START Input material
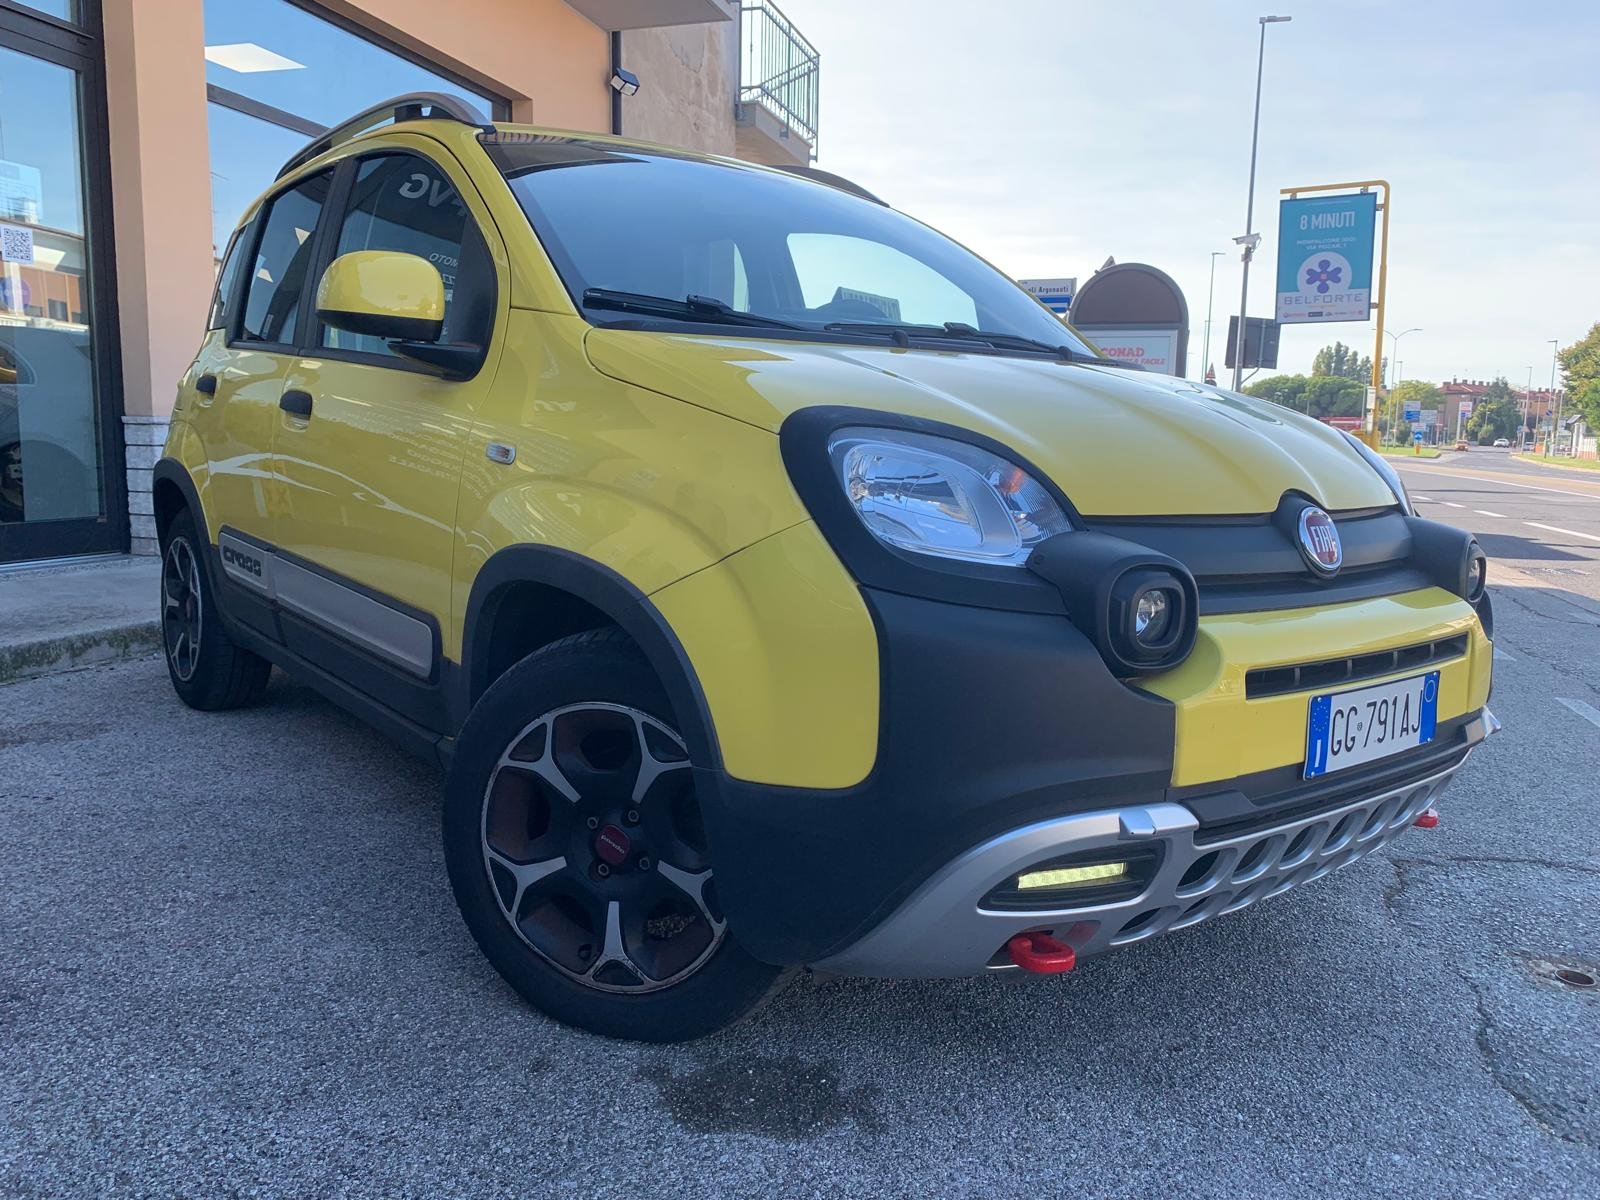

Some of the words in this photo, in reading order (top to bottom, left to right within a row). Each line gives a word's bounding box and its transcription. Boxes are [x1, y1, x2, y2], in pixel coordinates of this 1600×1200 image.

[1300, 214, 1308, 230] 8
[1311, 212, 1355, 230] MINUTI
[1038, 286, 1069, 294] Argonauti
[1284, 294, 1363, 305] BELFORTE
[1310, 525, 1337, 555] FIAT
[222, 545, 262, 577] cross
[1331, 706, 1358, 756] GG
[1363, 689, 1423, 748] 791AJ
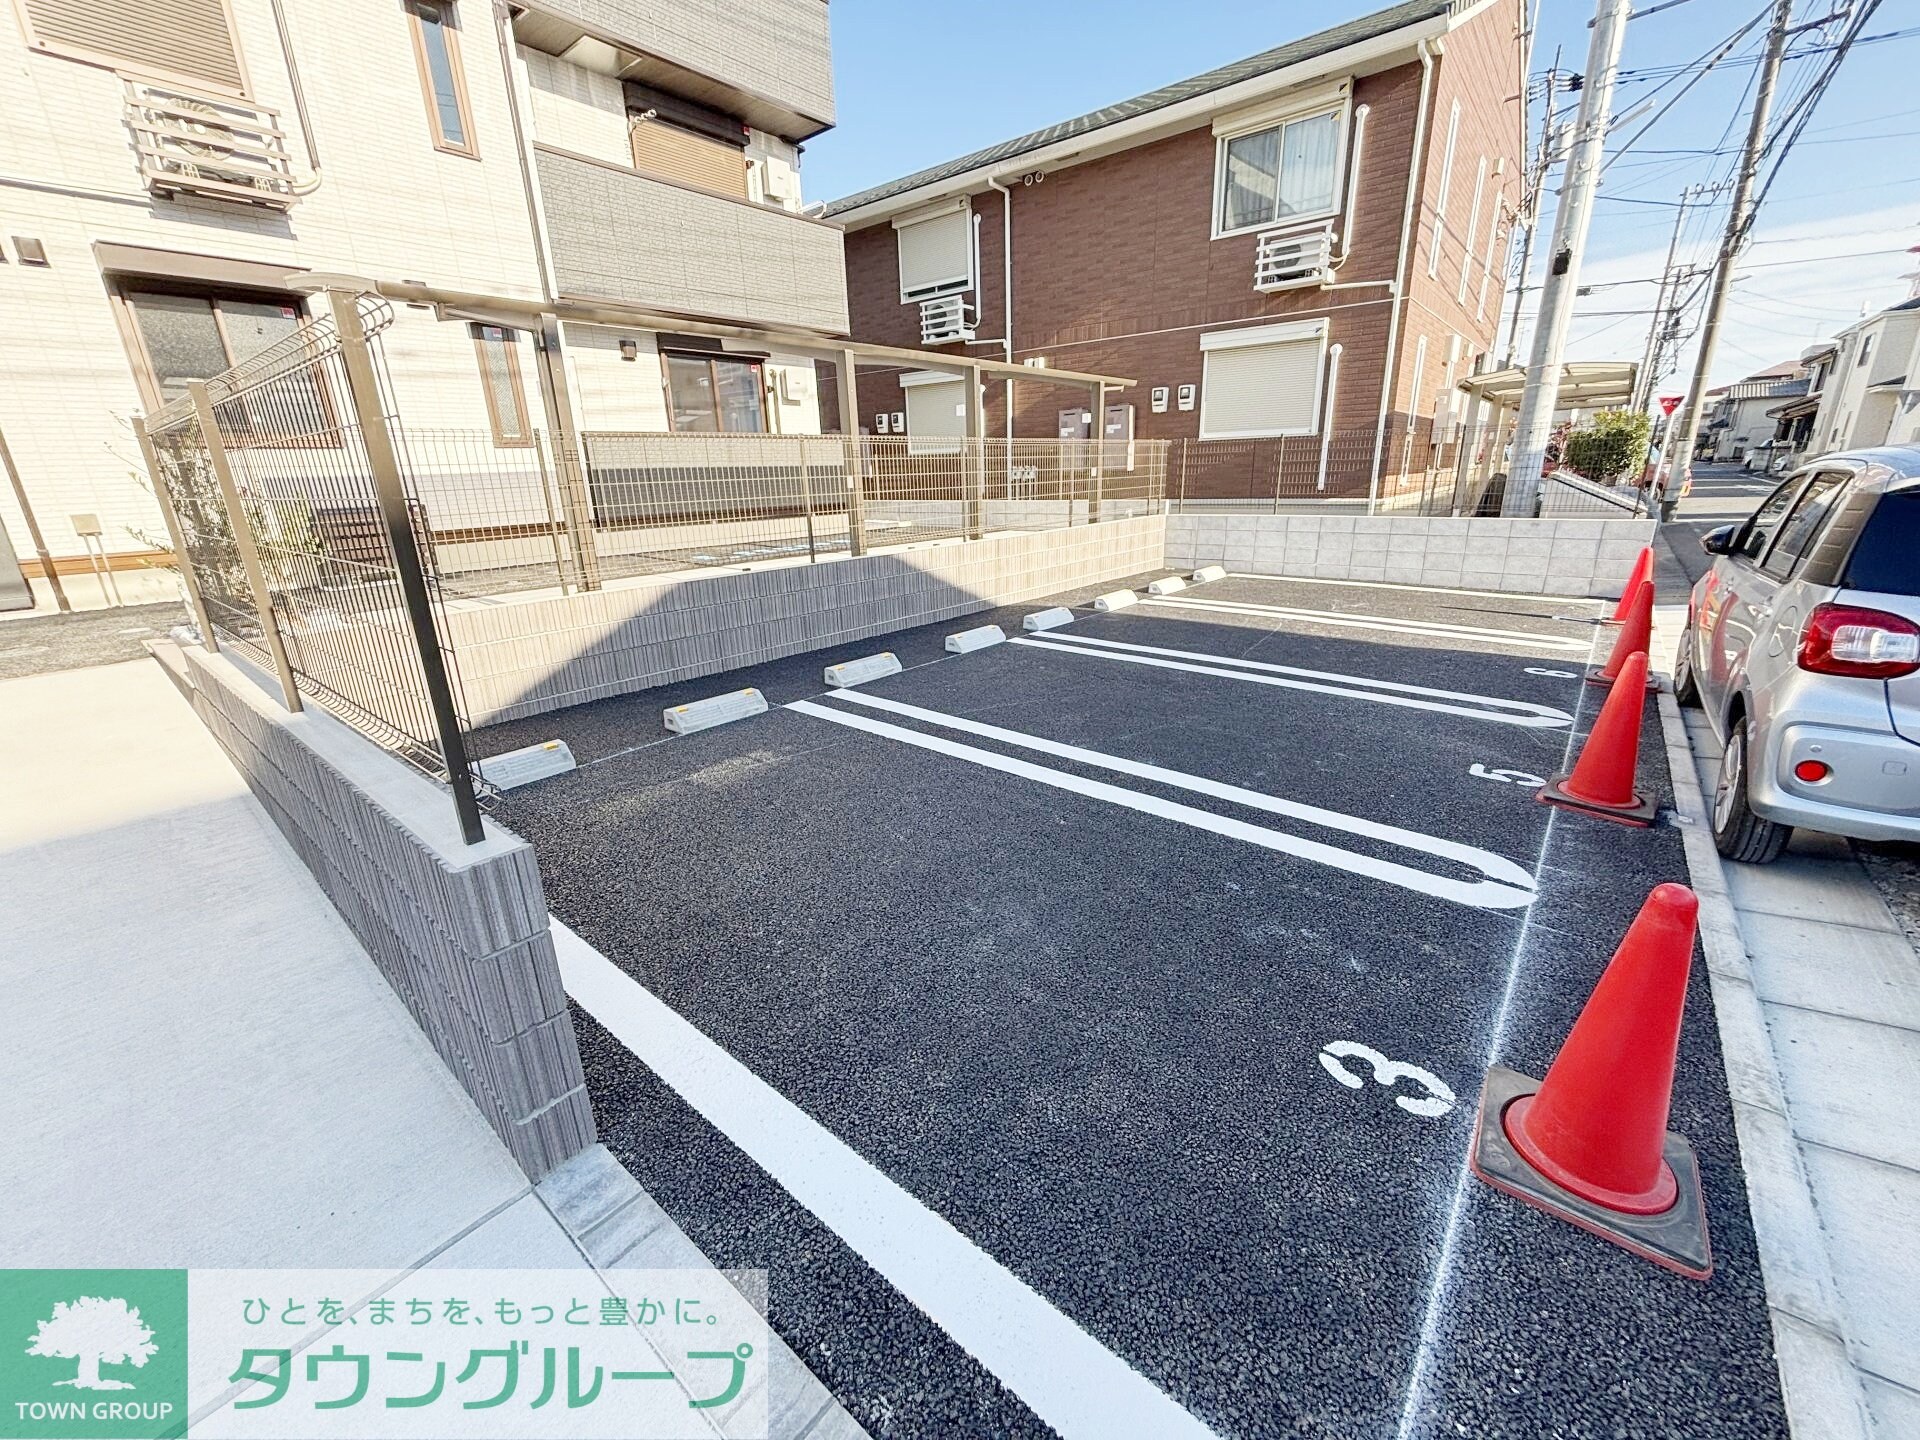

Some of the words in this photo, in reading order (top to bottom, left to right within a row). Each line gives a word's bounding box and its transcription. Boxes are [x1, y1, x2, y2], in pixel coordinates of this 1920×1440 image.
END Input material
START Input material
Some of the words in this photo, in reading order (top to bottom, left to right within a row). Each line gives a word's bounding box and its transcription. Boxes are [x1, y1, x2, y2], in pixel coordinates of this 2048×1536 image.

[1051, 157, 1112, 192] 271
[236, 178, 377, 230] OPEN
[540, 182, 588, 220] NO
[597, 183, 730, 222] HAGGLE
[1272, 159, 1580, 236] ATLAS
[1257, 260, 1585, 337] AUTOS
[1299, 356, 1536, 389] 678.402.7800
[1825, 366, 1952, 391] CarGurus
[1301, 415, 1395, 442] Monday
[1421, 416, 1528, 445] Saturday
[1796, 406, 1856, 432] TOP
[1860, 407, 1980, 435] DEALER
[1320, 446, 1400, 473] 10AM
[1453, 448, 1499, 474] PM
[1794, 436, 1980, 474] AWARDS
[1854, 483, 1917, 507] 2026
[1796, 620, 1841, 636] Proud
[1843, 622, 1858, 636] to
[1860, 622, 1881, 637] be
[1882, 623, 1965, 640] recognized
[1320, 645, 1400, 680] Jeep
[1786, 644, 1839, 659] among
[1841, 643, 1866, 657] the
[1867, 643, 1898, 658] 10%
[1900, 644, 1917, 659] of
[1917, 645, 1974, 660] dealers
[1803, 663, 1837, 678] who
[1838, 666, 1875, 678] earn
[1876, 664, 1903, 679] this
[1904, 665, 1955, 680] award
END Input material
START Input material
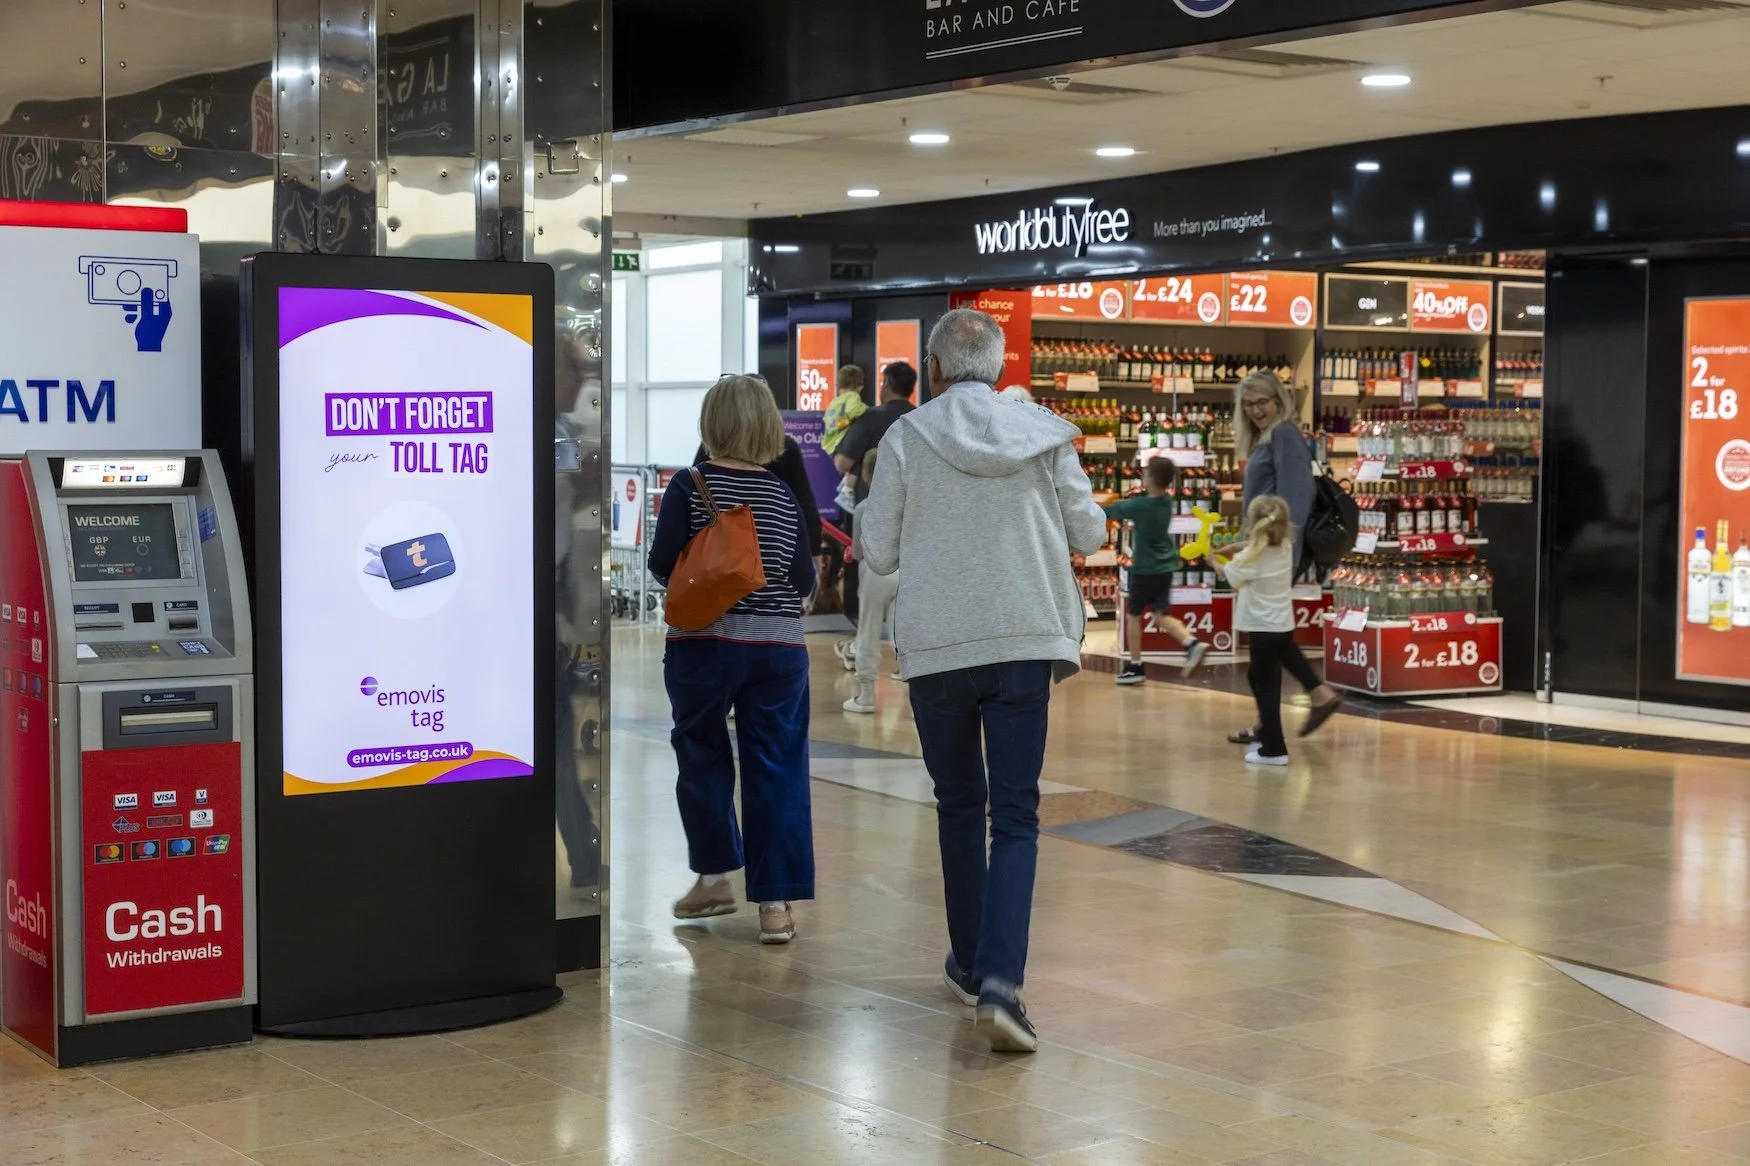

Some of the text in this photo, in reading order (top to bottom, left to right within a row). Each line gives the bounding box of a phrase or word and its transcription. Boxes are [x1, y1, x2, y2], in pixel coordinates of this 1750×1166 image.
END Input material
What to produce:
Look through the material above. Transcribe exactly the lines between the ones with "this 1600×1200 image." and "this 1920×1440 image.", inclusive, and keep pictures out.

Task output:
Some of the words in this photo, in reading order (top to bottom, left to right within a row). Each line gives a word's bounding box and its transcription. Boxes are [x1, y1, x2, y2], in pixel coordinates of this 1600×1200 image.

[1300, 214, 1308, 230] 8
[1311, 212, 1355, 230] MINUTI
[1038, 286, 1069, 294] Argonauti
[1284, 294, 1363, 305] BELFORTE
[1310, 525, 1337, 555] FIAT
[222, 545, 262, 577] cross
[1331, 706, 1358, 756] GG
[1363, 689, 1423, 748] 791AJ

Some of the words in this photo, in reading order (top to bottom, left to right within a row). Each line gives a word's bounding box and its transcription. Boxes are [x1, y1, x2, y2], in pixel coordinates of this 1920×1440 image.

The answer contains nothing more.